TVTV (video collective)

TVTV (short for Top Value Television) was a San Francisco-based video collective that produced documentary video works using guerrilla art techniques.

History

The group was founded in 1972 by Allen Rucker, Michael Shamberg, Tom Weinberg, Hudson Marquez, and Megan Williams.[1][2][3] Shamberg was the author of the 1971 "do-it-yourself" video production manual Guerrilla Television

TVTV pioneered the use of independent video based on the new and then-revolutionary media, ½" Sony Portapak video equipment,[4][5] later embracing the ¾" video format.

In 1975 the group left San Francisco for Los Angeles, where it took up a contract with PBS to shoot Supervisions, a series of short tapes on television history.[6]

The group disbanded in 1979. Their last production was TVTV: Diary of the Video Guerillas.[7]

Members

Over the years, more than thirty "guerrilla video" makers were participants in TVTV productions.
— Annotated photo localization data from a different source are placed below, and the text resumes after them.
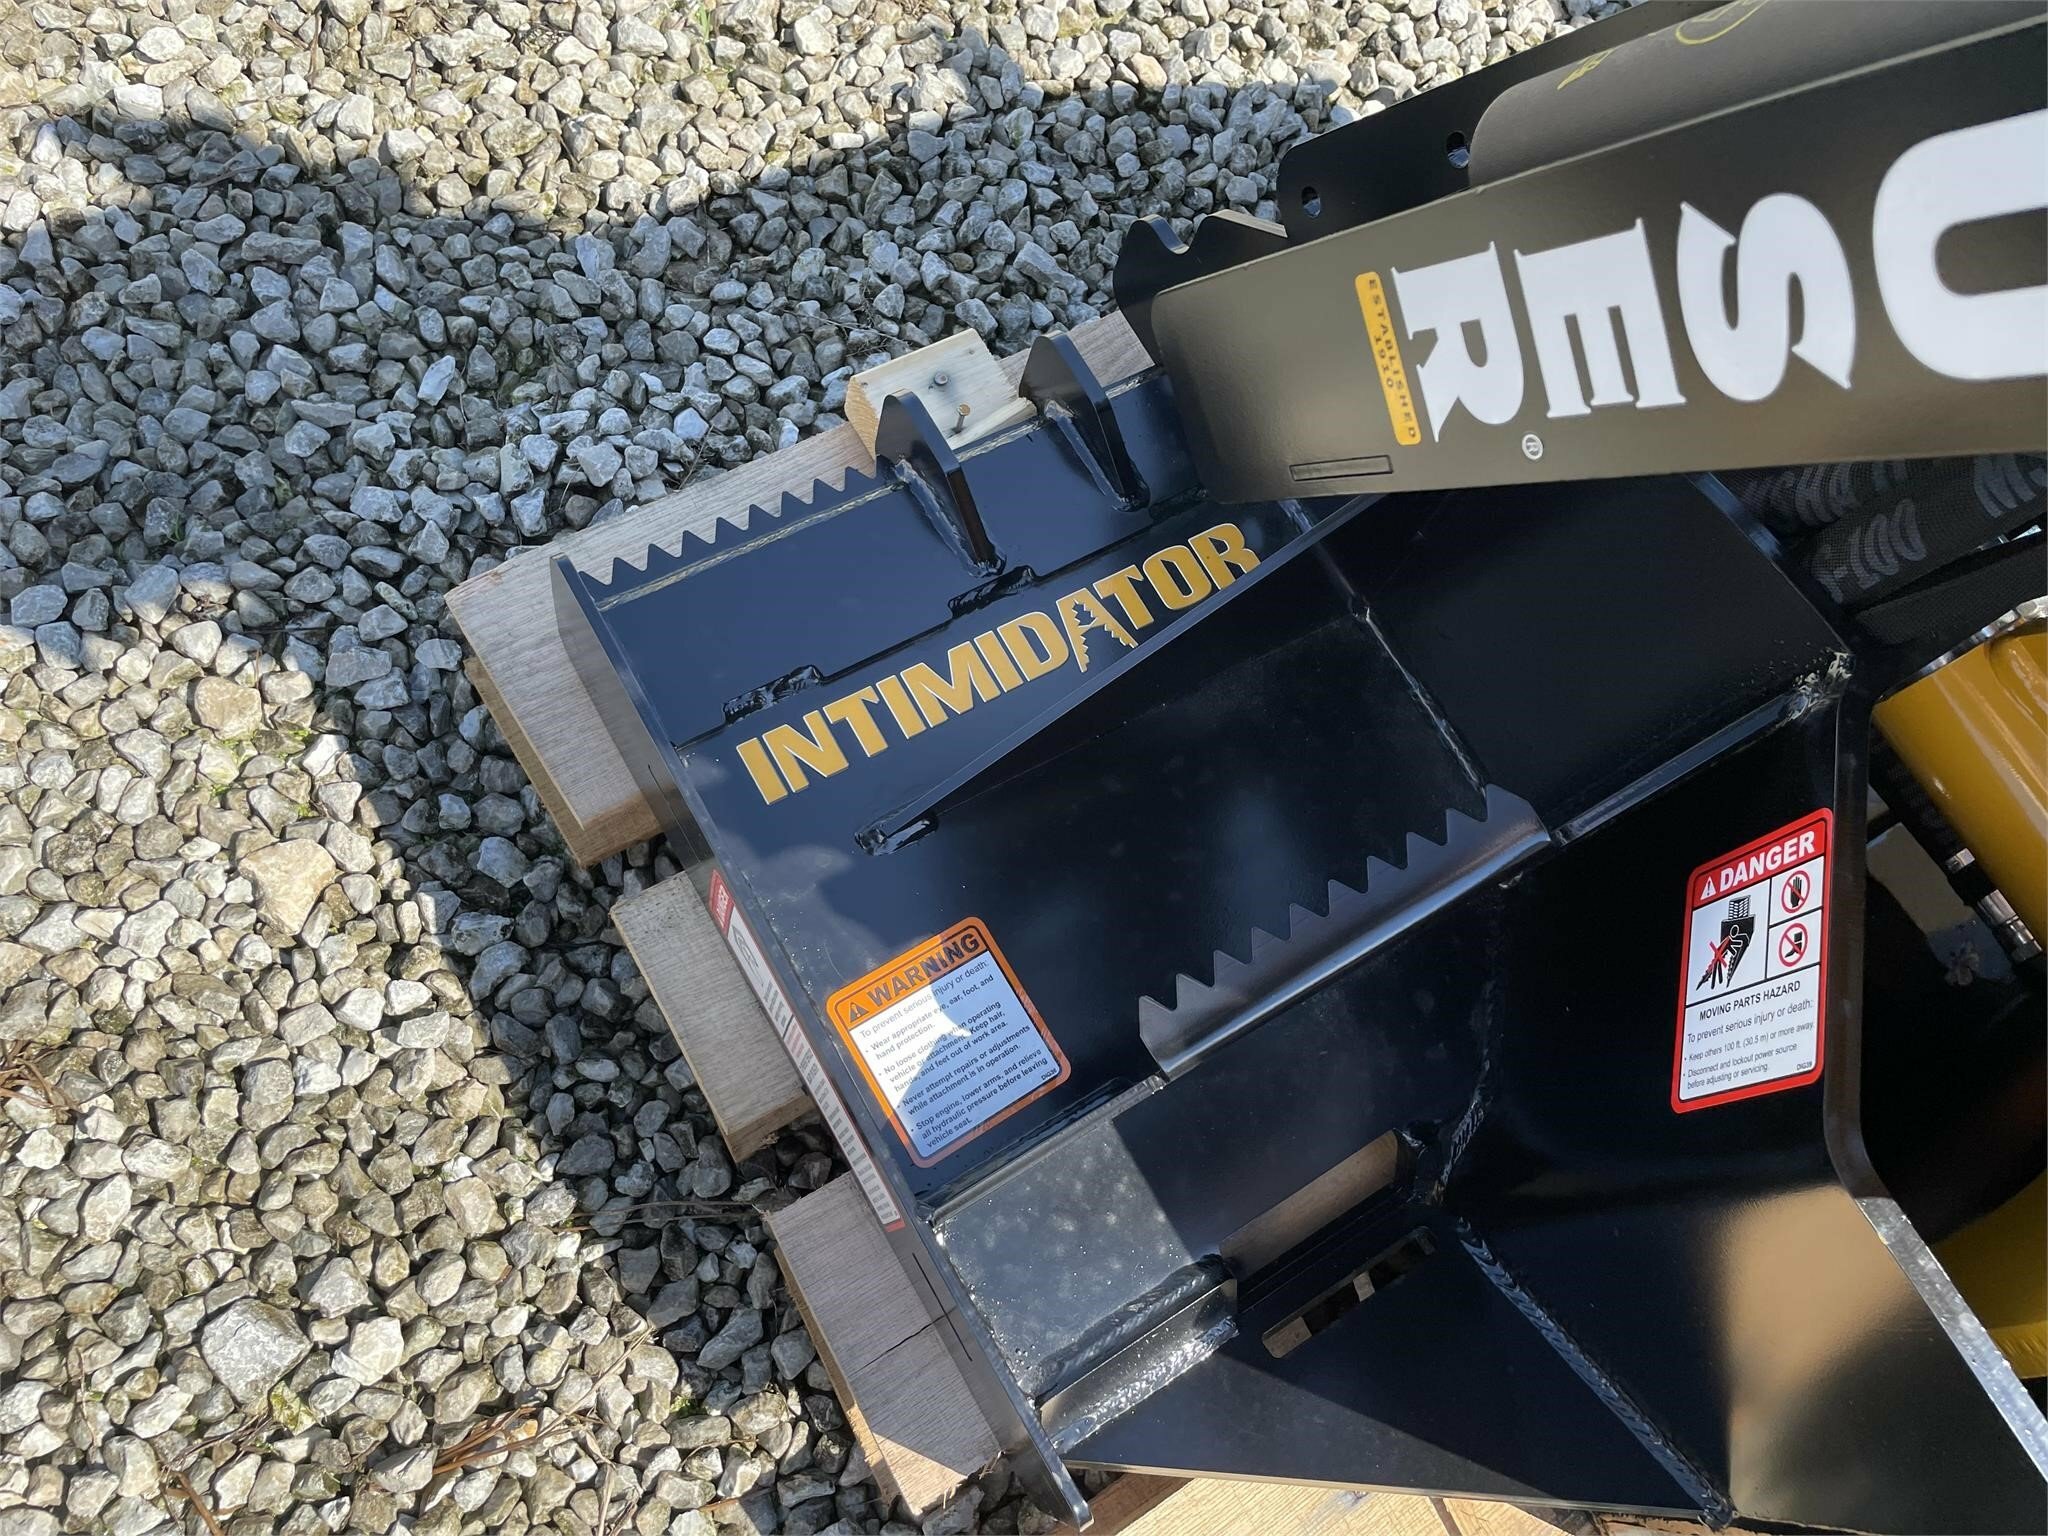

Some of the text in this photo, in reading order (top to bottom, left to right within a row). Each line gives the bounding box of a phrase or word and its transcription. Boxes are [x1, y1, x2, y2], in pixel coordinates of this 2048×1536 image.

[1368, 278, 1417, 438] ESTABLISHED
[1373, 334, 1395, 389] 1910
[735, 522, 1262, 806] INTIMIDATOR
[1719, 830, 1815, 893] DANGER
[859, 959, 987, 1038] To prevent serious injury or death:
[867, 933, 979, 1006] WARNING
[1699, 980, 1800, 1020] MOVING PARTS HAZARD
[870, 1035, 890, 1050] Wear
[891, 1011, 932, 1039] appropriate
[948, 994, 963, 1005] ear,
[962, 984, 980, 996] foot,
[979, 974, 993, 986] and
[875, 1023, 935, 1060] hand protection.
[883, 1064, 895, 1073] No
[895, 1051, 916, 1067] loose
[917, 1033, 948, 1054] clothing
[967, 1001, 1001, 1024] operating
[1687, 999, 1812, 1043] To prevent serious injury or death:
[1688, 1052, 1703, 1060] Keep
[1704, 1046, 1722, 1057] others
[1724, 1040, 1735, 1052] 100
[1769, 1031, 1776, 1039] or
[1777, 1026, 1794, 1036] more
[889, 1064, 916, 1082] vehicle
[968, 1020, 988, 1034] Keep
[987, 1010, 1005, 1022] hair,
[901, 1025, 1030, 1106] Never attempt repairs or adjustments
[920, 1063, 935, 1076] and
[934, 1054, 950, 1067] feet
[949, 1046, 963, 1058] out
[963, 1040, 971, 1050] of
[971, 1031, 990, 1044] work
[990, 1021, 1006, 1034] area.
[1687, 1062, 1718, 1077] Disconnect
[1719, 1059, 1731, 1069] and
[1754, 1049, 1774, 1062] power
[1775, 1043, 1797, 1055] source
[907, 1099, 928, 1115] while
[928, 1074, 969, 1102] attachment
[967, 1070, 976, 1078] is
[975, 1064, 985, 1072] in
[915, 1048, 1041, 1130] Stop engine, lower arms, and relieve
[921, 1057, 1047, 1139] all hydraulic pressure before leaving
[1687, 1079, 1705, 1089] before
[1705, 1072, 1732, 1085] adjusting
[1732, 1070, 1739, 1078] or
[926, 1117, 972, 1147] vehicle seat.
They included members of the Ant Farm (Chip Lord, Doug Michels, Hudson Marquez, and Curtis Schreier) and the Videofreex (Skip Blumberg, Nancy Cain, Chuck Kennedy, and Parry Teasdale).[8] Other participants in TVTV included designer Elan Soltes, producer David Axelrod, actor-comedian Bill Murray [9] and his brother Brian Doyle-Murray, cinematographer Paul Goldsmith, actor and director Harold Ramis [10] and producer Wendy Appel (aka Wendy Apple).

In 1976 -1977, experimental filmmaker Wheeler Winston Dixon briefly joined the collective, editing most of the Supervision series, as well as portions of the Hard Rain Special and the entirety of The TVTV Show.

Legacy

The move to Los Angeles brought many in the group more into the orbit of conventional filmmaking. Bill Murray went on to become a film and TV star; Michael Shamberg a film producer, most notably with his company Jersey Films, in collaboration with Stacey Sher and Danny DeVito; Allen Rucker a writer and author; Wheeler Winston Dixon an author and university professor; Harold Ramis a film director, writer and actor; Skip Blumberg a videographer and producer; Tom Weinberg a producer based in his hometown, Chicago; and Elan Soltes a video graphic designer in Hollywood.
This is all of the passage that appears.